Der Bademeister hatte indes angegeben, er habe die Zeugin bereits kommen sehen und sie an der Tür oder davor bereits in Empfang genommen. Zum Unglückszeitpunkt habe er keine Zeitung gelesen, sondern einen Katalog über Schwimmhilfen, den er einer Besuchern geliehen hatte, ins Kassenhäuschen zurückgebracht. "Das bewerte ich anders", erwiderte die Zeugin.

Ihre Tochter wurde ebenfalls vernommen. Die heute 13-Jährige gehörte damals zur Turngruppe des TSV. Sie war es, die Vanessa am Boden des Beckens erspähte. Sie gab zu Protokoll: "Ich war im Nichtschwimmerbereich und tauchte unter dem Absperrband durch. Da sah ich sie unten liegen. Ich kam wieder hoch und sagte zur Tochter der Betreuerin neben mir im Becken: ,Was macht denn die Vanessa da unten?'" Daraufhin habe das andere Mädchen sofort nach ihrer Mutter gerufen.

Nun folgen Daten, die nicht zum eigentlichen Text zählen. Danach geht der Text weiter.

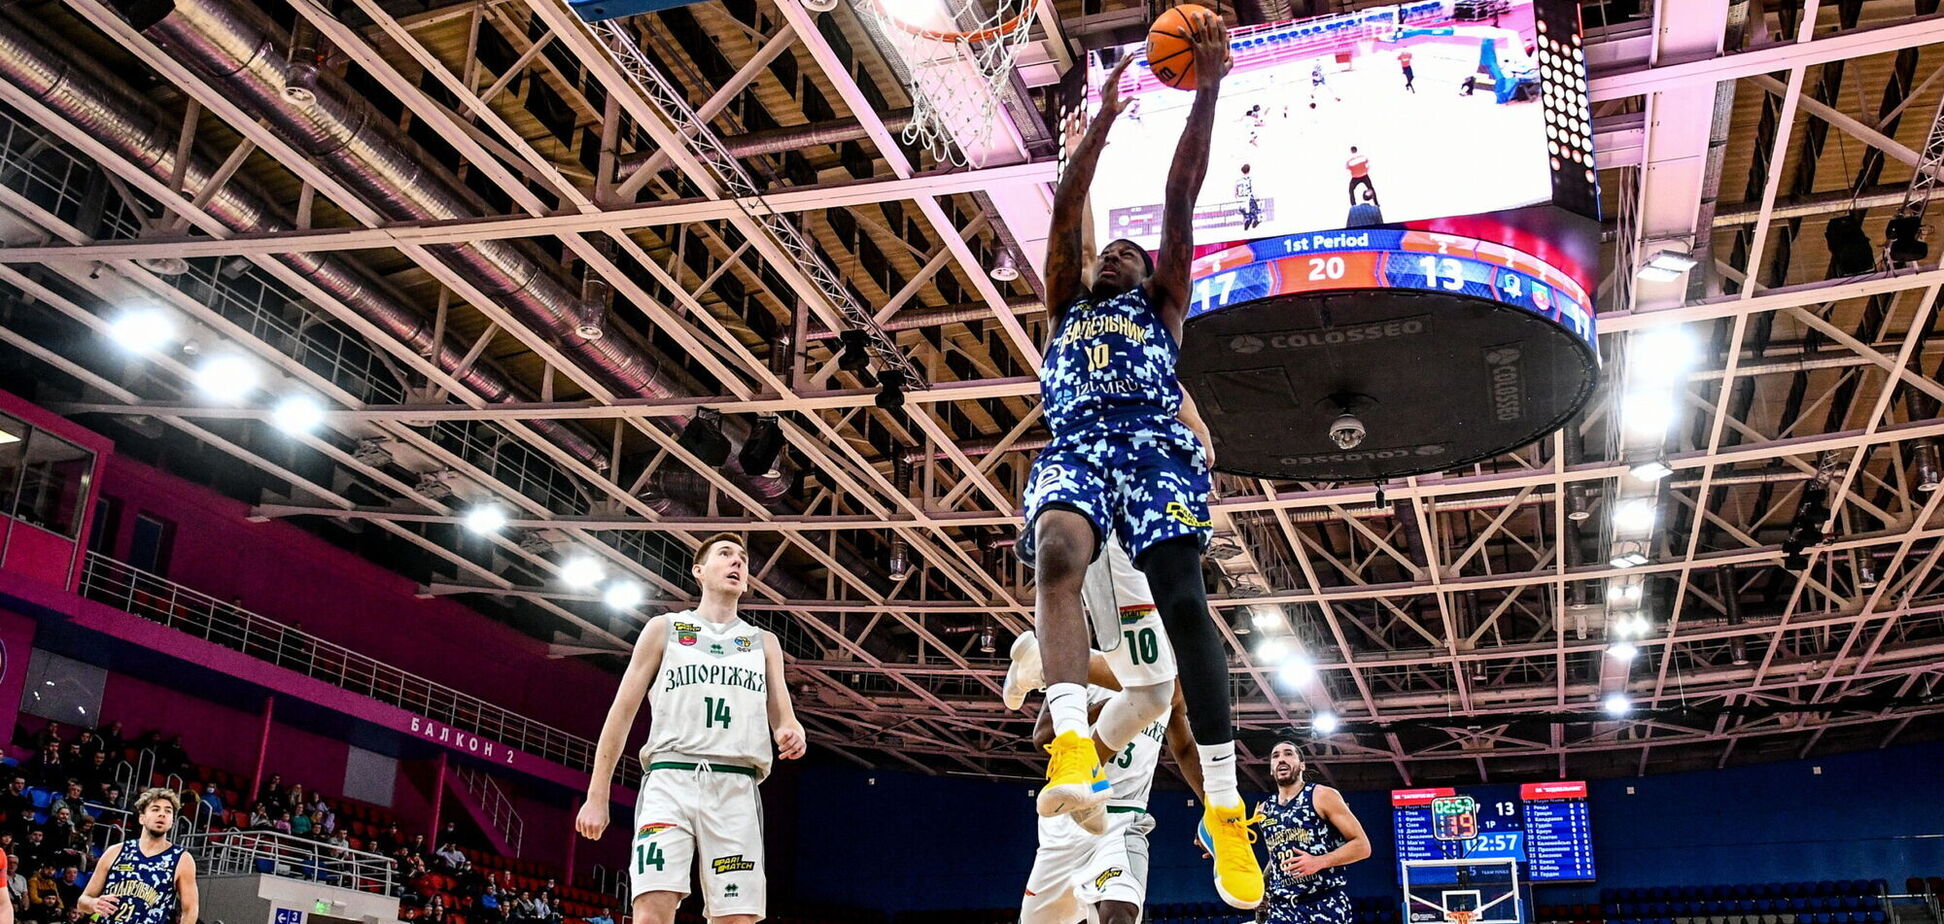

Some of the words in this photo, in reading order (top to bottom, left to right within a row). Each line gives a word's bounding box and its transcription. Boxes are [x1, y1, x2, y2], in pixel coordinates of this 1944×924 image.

Vanessa habe auf der Seite gelegen, mit leicht angewinkelten Beinen, erzählte die junge Zeugin. Weder aus der Nase noch aus dem Mund des Mädchens seien Luftblasen aufgestiegen. "Sie hatte eine Taucherbrille auf", bestätigte sie, könne aber keine Angaben dazu machen, ob die Verunglückte habe schwimmen können oder nicht. "Davon weiß ich nichts, mir gegenüber hat Vanessa dazu nie etwas erwähnt."

Das Verfahren wird am Donnerstag, 1. März, fortgesetzt.